Orthopedics Department, Necker - Enfants Malades University Hospital, Paris.
Department of Orthopedics, Children's Hospital, CHU de Toulouse, France.
J Pediatr Orthop B. 2021 May 1;30(3):257-263. doi: 10.1097/BPB.0000000000000785.
Severe infant osteogenesis imperfecta requires osteosynthesis. Intramedullary tibia's osteosynthesis is a technical challenge given the deformity and the medullar canal's narrowness. We describe an extramedullary technique: 'In-Out-In' K-wires sliding. We performed an anteromedial diaphysis approach. The periosteum was released while preserving its posterior vascular attachments. To obtain a straight leg, we did numerous osteotomies as many times as necessary. K-wires ('In') were introduced into the proximal epiphysis, and the medial malleolus ('Out') bordered the cortical and ('In') reach their opposite metaphysis. K-wires were cut, curved and impacted at their respective epiphysis ends to allow a telescopic effect. All tibial fragments are strapped on K-wires, and the periosteum was sutured over it. Our inclusion criteria were children with osteogenesis imperfecta operated before 6 years old whose verticalization was impossible. Seven patients (11 tibias) are included (2006-2016) with a mean surgery's age of 3.3 ± 1.1 years old. All patients received intravenous bisphosphonates preoperatively. The follow-up was 6.1 ± 2.7 years. All patients could stand up with supports, and the flexion deformity correction was 46.7 ± 14.2°. Osteosynthesis was changed in nine tibias for the arrest of telescoping with flexion deformity recurrence and meantime first session-revision was 3.8 ± 1.7 years. At revision, K-wires overlap had decreased by 55 ± 23%. Including all surgeries, three distal K-wires migrations were observed, and the number of surgical procedures was 2.5/tibia. No growth arrest and other complications reported. 'In-Out-In' K-wires sliding can be considered in select cases where the absence of a medullary canal prevents the insertion of intramedullary rod or as a salvage or alternative procedure mode of fixation. It can perform in severe infant osteogenesis imperfecta under 6 years old with few complications and good survival time.
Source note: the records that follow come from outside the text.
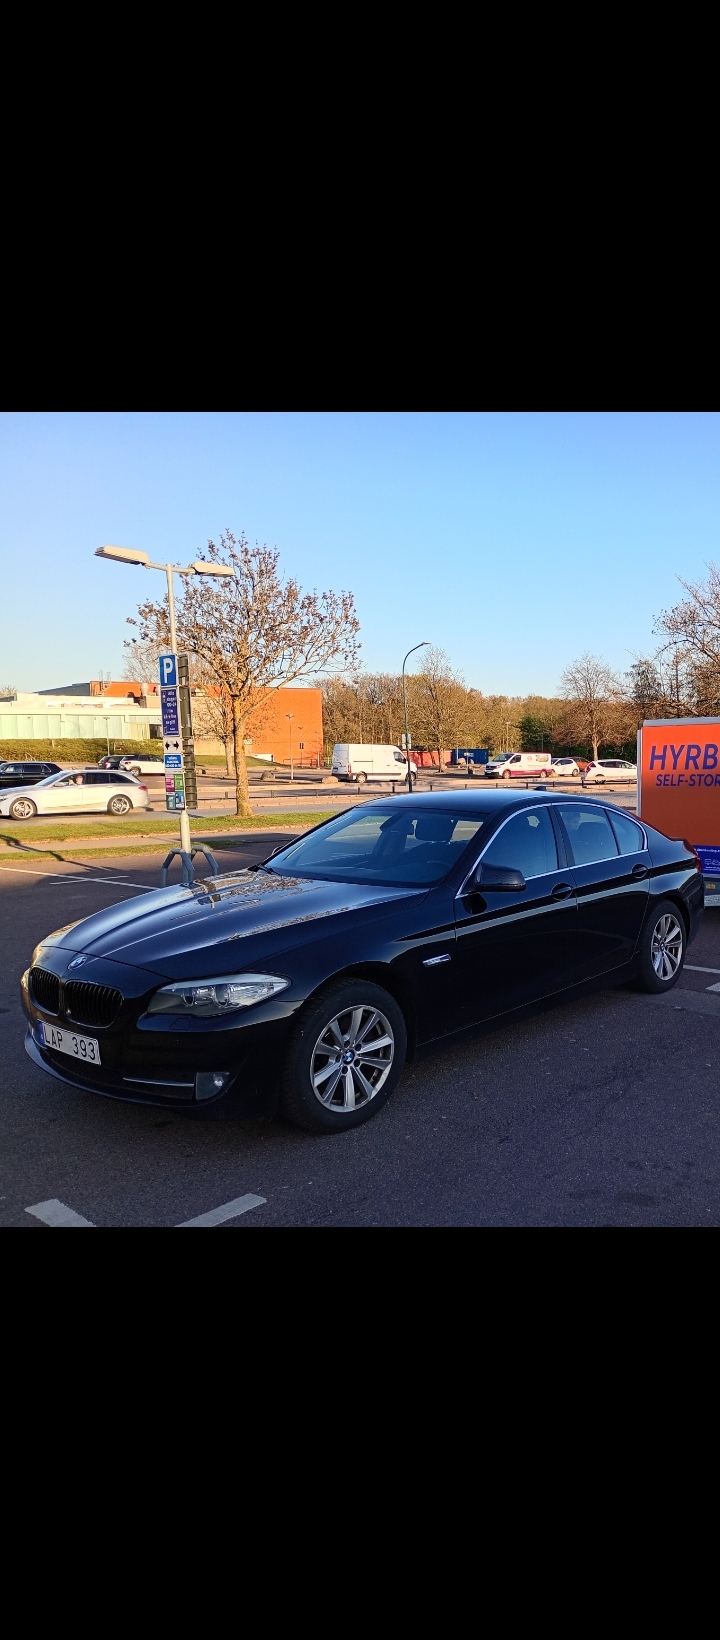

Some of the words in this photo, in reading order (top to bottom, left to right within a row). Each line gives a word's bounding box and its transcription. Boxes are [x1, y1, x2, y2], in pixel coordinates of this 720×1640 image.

[163, 658, 173, 683] P
[649, 744, 719, 770] HYRB
[44, 1025, 63, 1049] LAP
[71, 1036, 96, 1061] 393
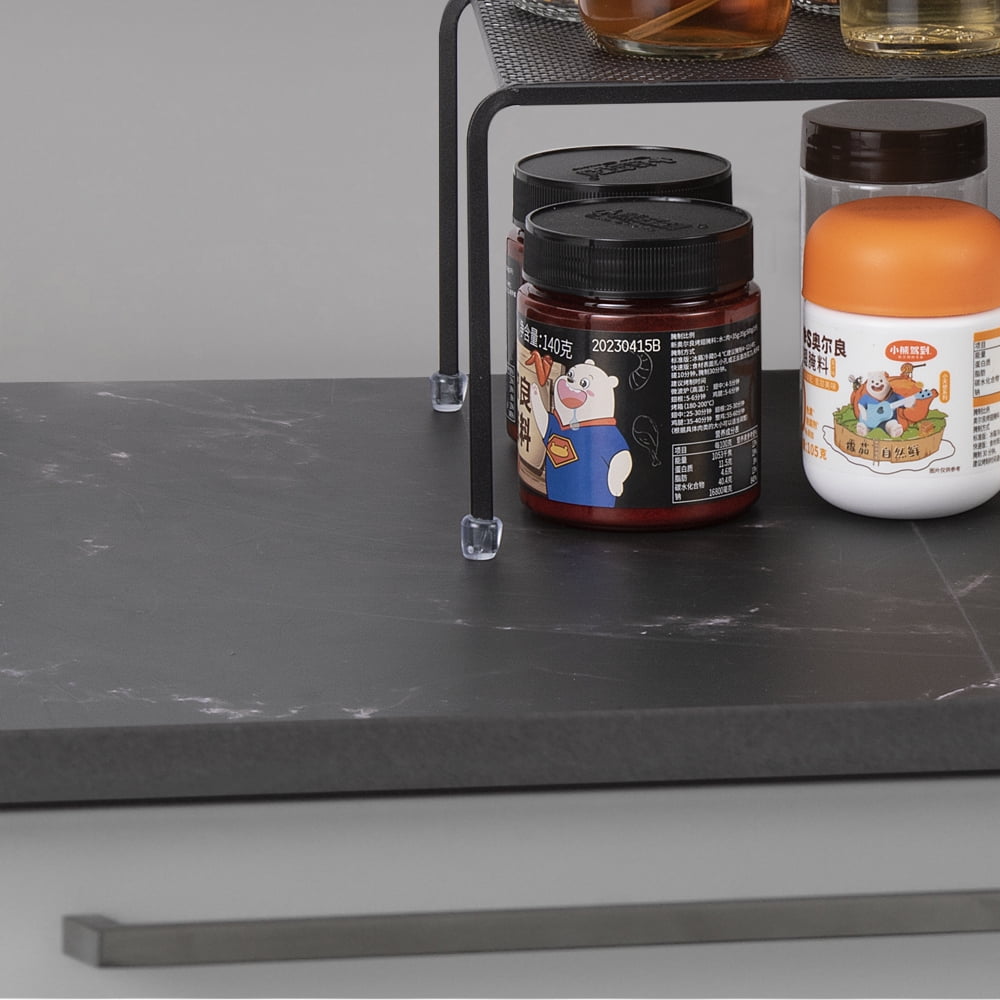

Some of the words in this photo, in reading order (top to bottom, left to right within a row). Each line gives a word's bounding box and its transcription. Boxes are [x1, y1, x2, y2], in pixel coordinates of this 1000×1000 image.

[592, 338, 661, 353] 20230415B
[890, 345, 930, 356] 小熊驾到
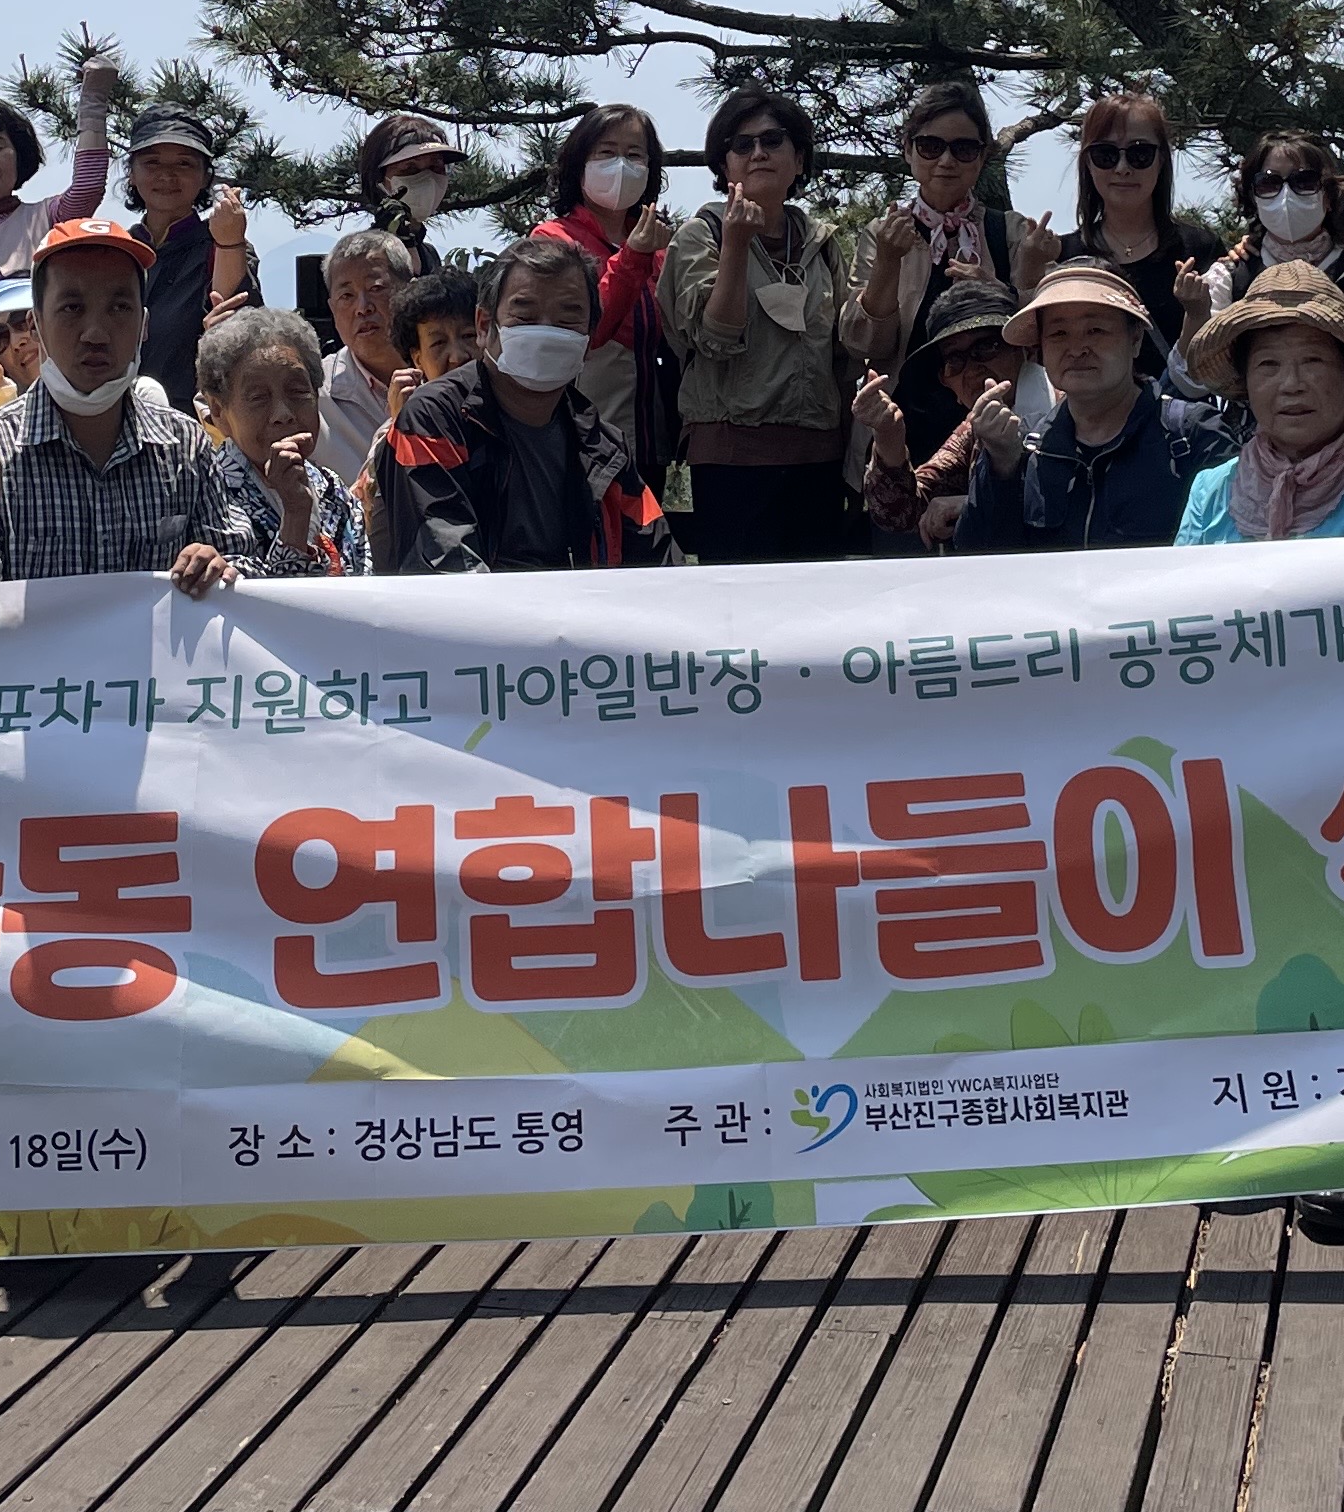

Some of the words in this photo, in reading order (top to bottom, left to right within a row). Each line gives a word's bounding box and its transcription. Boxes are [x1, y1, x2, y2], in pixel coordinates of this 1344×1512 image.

[79, 220, 111, 234] G
[186, 668, 432, 735] 지원하고
[454, 647, 768, 722] 가야일반장
[841, 626, 1081, 701] 아름드리
[256, 759, 1244, 1012] 연합나들이
[864, 1079, 945, 1099] 사회복지법인
[947, 1072, 1060, 1094] YWCA복지사업단
[864, 1089, 1130, 1132] 부산진구종합사회복지관
[9, 1128, 148, 1173] 18일(수)
[354, 1115, 502, 1163] 경상남도
[511, 1109, 585, 1155] 통영
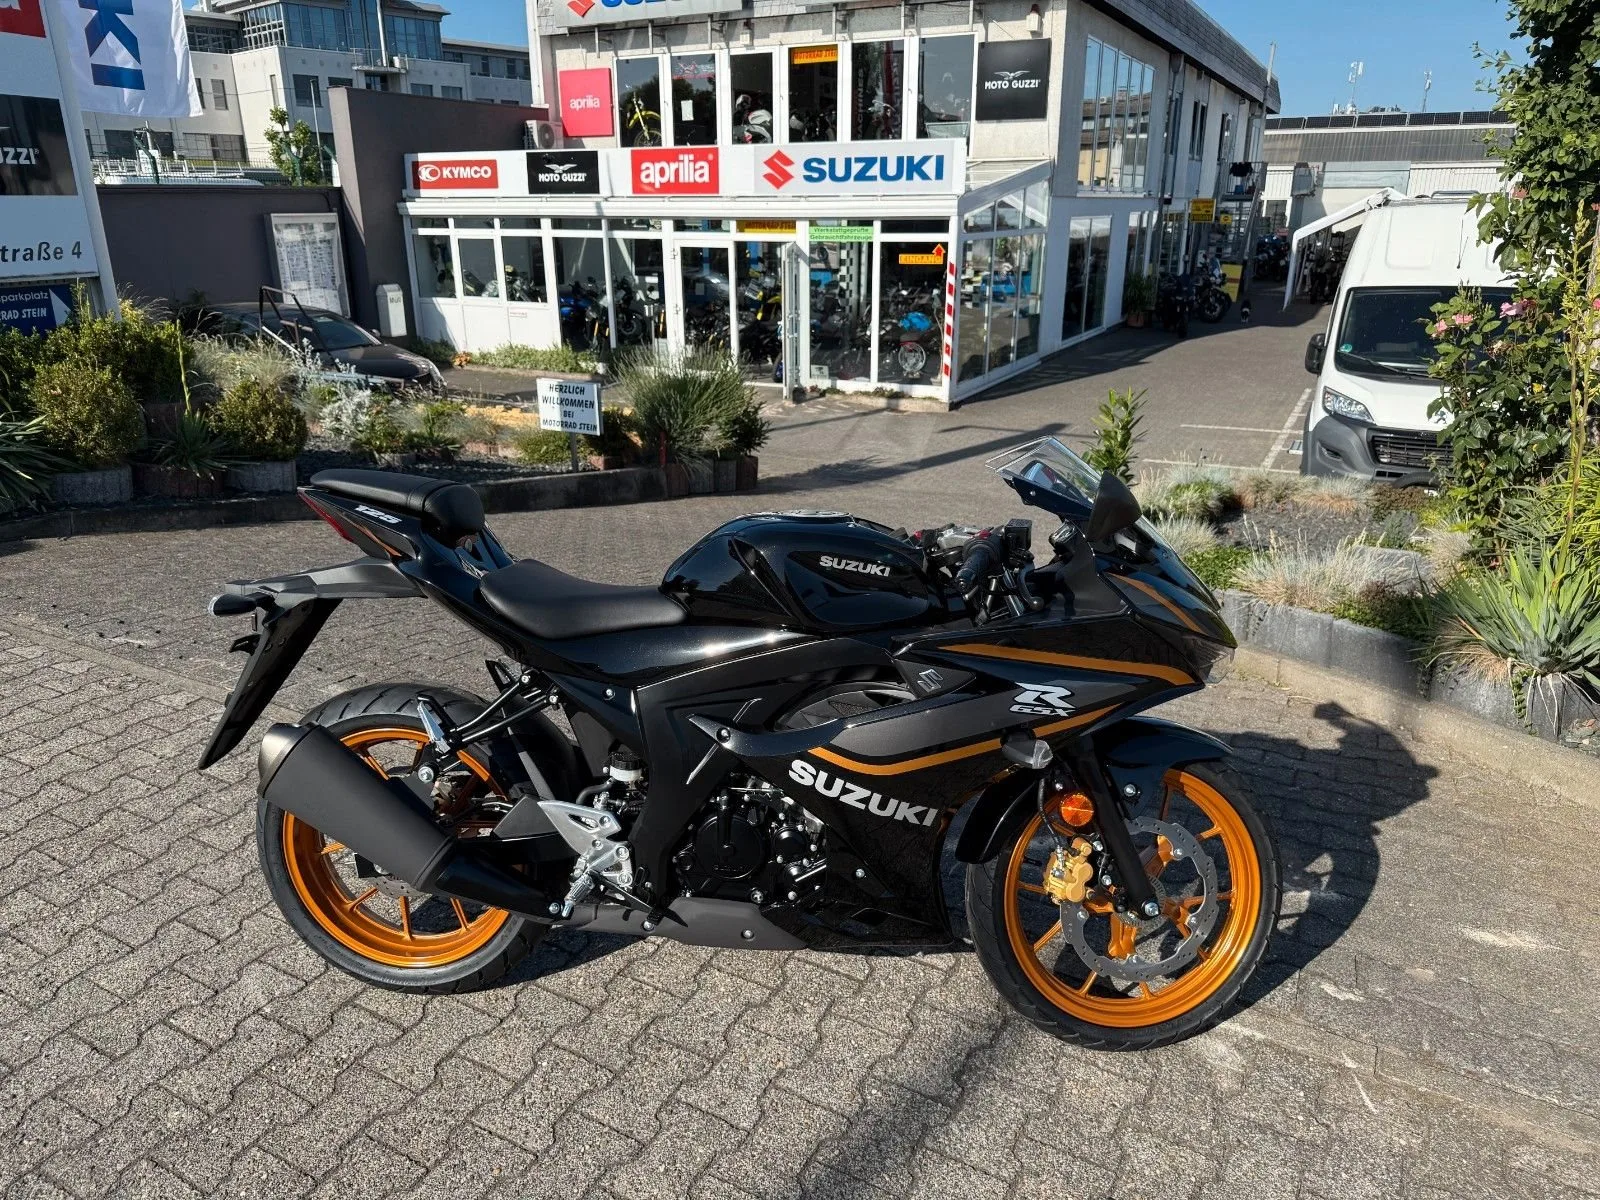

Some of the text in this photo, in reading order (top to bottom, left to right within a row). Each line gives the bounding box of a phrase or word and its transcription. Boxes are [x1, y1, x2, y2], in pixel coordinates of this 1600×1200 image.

[985, 81, 1009, 89] MOTO
[569, 96, 600, 110] aprilia
[442, 165, 492, 179] KYMCO
[640, 154, 710, 188] aprilia
[803, 154, 945, 183] SUZUKI
[538, 173, 559, 182] MOTO
[72, 241, 82, 259] 4
[22, 308, 47, 318] STEIN
[549, 383, 585, 395] HERZLICH
[542, 395, 595, 409] WILLKOMMEN
[563, 410, 574, 418] BEI
[543, 419, 598, 431] MOTORRAD STEIN
[819, 555, 891, 577] SUZUKI
[788, 759, 939, 827] SUZUKI
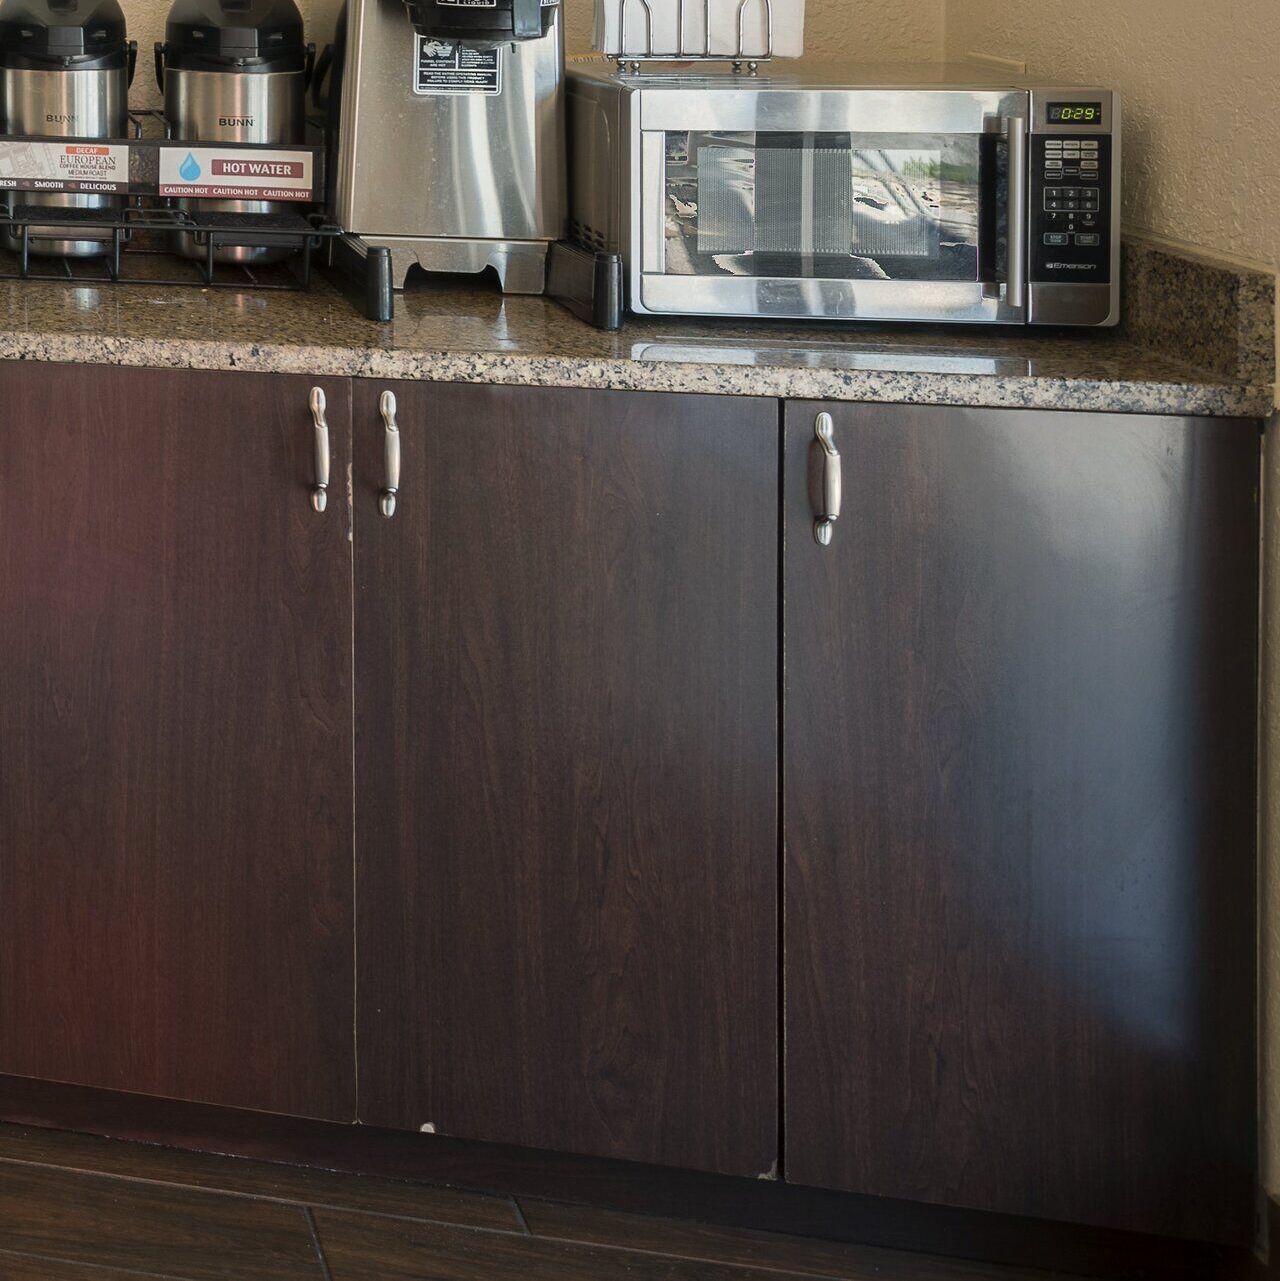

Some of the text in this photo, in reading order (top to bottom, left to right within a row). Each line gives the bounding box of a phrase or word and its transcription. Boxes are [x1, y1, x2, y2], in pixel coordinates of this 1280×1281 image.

严重婴儿型成骨不全症需要进行骨科内固定。由于胫骨畸形和骨髓腔狭窄,胫骨髓内固定是一项技术挑战。我们描述了一种髓外技术:“内外进”克氏针滑动法。我们采用前内侧骨干入路。在保留其后方血管附着的情况下,切开骨膜。为了获得直腿,我们根据需要进行了多次截骨。将克氏针(“内”)插入近侧骺端,内踝(“外”)位于皮质边缘,并(“内”)到达对侧干骺端。克氏针被剪断、弯曲并打入各自的骺端,以产生伸缩效果。所有胫骨碎片都用克氏针固定,骨膜缝合在上面。我们的纳入标准是 6 岁以下接受过手术且无法垂直化的成骨不全症患儿。2006 年至 2016 年间共纳入 7 例患者(11 胫骨),平均手术年龄为 3.3 ± 1.1 岁。所有患者术前均接受静脉内双膦酸盐治疗。随访时间为 6.1 ± 2.7 年。所有患者均能在支撑下站立,且屈曲畸形矫正度为 46.7 ± 14.2°。9 例胫骨因伸缩伴屈曲畸形复发而更换内固定,同时首次翻修时间为 3.8 ± 1.7 年。翻修时,克氏针重叠减少了 55 ± 23%。包括所有手术,有 3 例远端克氏针移位,每胫骨手术次数为 2.5 次。无生长停滞和其他并发症报告。在缺乏骨髓腔妨碍髓内棒插入的情况下,或作为固定的挽救或替代方式,可以考虑采用“内外进”克氏针滑动法。该方法可用于 6 岁以下严重婴儿型成骨不全症,并发症少,存活率高。